Pictures stay out; everything else in the entries below is to be duplicated exactly.

☆ ☆ ☆ ☆

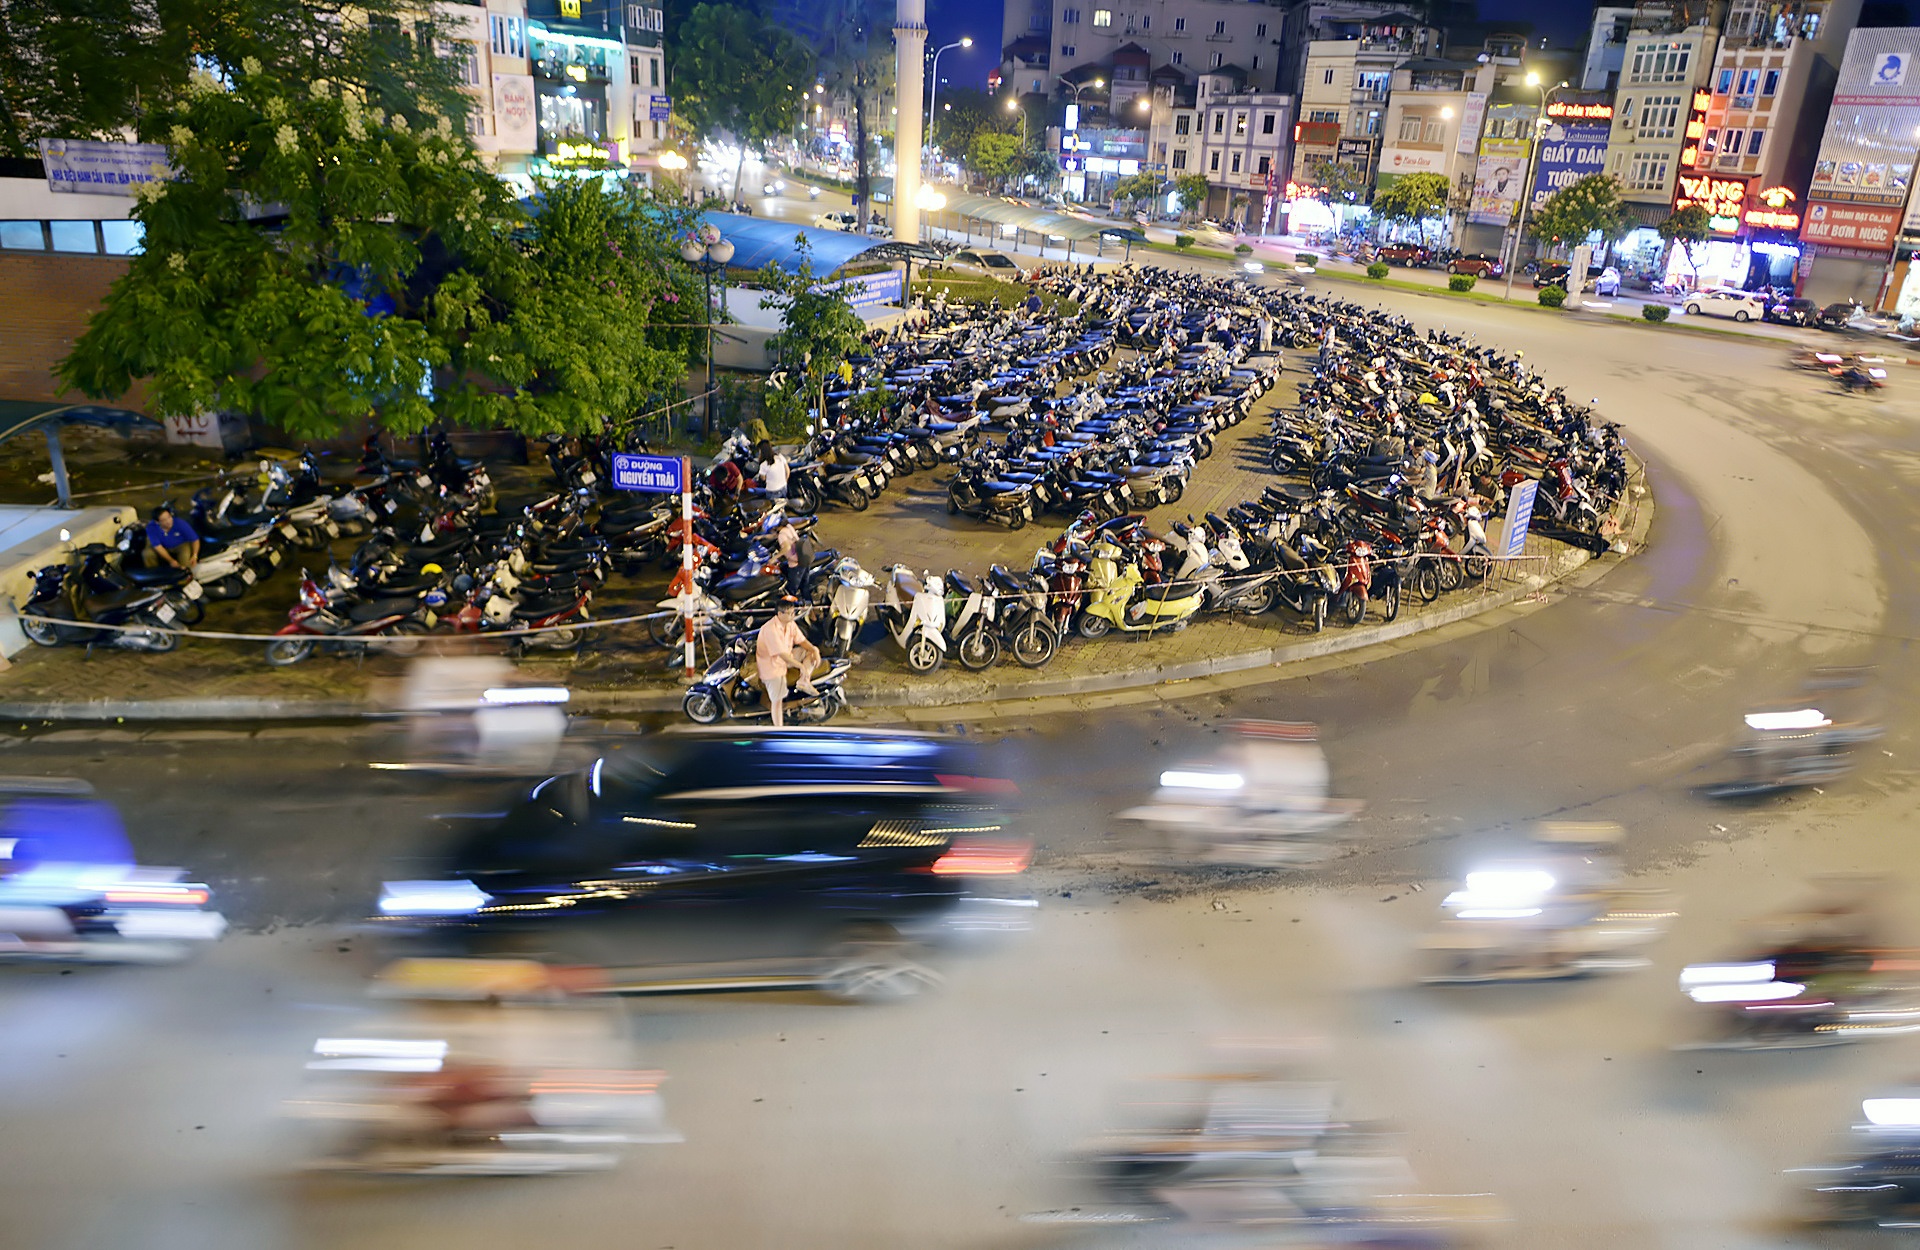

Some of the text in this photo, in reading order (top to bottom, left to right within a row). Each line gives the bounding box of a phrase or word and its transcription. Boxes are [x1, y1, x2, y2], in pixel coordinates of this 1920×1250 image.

[1548, 101, 1612, 119] GIẤY DÁN TƯỜNG
[1542, 142, 1575, 163] GIẤY
[1576, 145, 1607, 164] DÁN
[1680, 175, 1744, 202] VÀNG
[1832, 208, 1854, 220] THÀNH
[1807, 221, 1888, 242] MÁY BƠM NƯỚC
[620, 470, 675, 487] NGUYỄN TRÃI
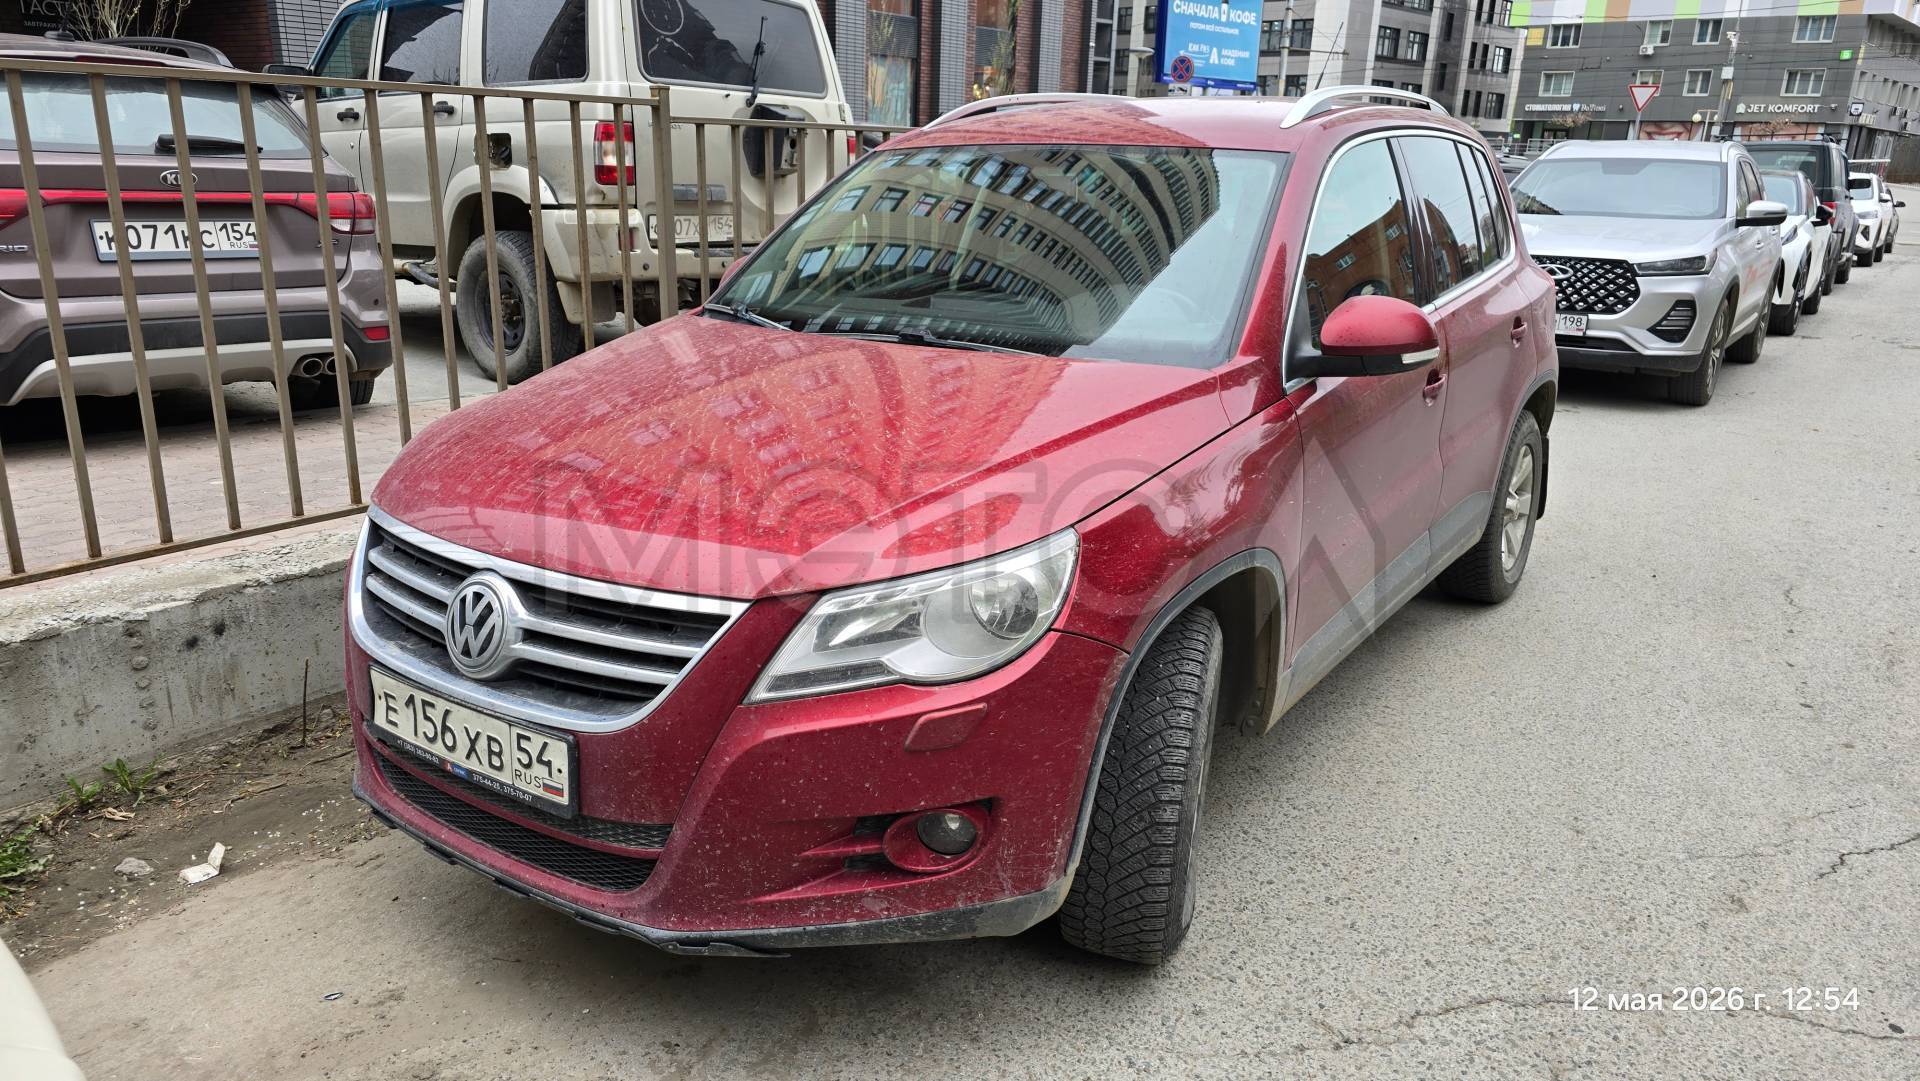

☆ ☆ ☆ ☆

**Output of the task:**
Some of the text in this photo, in reading order (top to bottom, left to right within a row). Each line gives the bounding box of a phrase or word and its transcription. Boxes are [x1, y1, x2, y2], in pixel coordinates of this 1920×1250 image.

[1548, 101, 1612, 119] GIẤY DÁN TƯỜNG
[1542, 142, 1575, 163] GIẤY
[1576, 145, 1607, 164] DÁN
[1680, 175, 1744, 202] VÀNG
[1832, 208, 1854, 220] THÀNH
[1807, 221, 1888, 242] MÁY BƠM NƯỚC
[620, 470, 675, 487] NGUYỄN TRÃI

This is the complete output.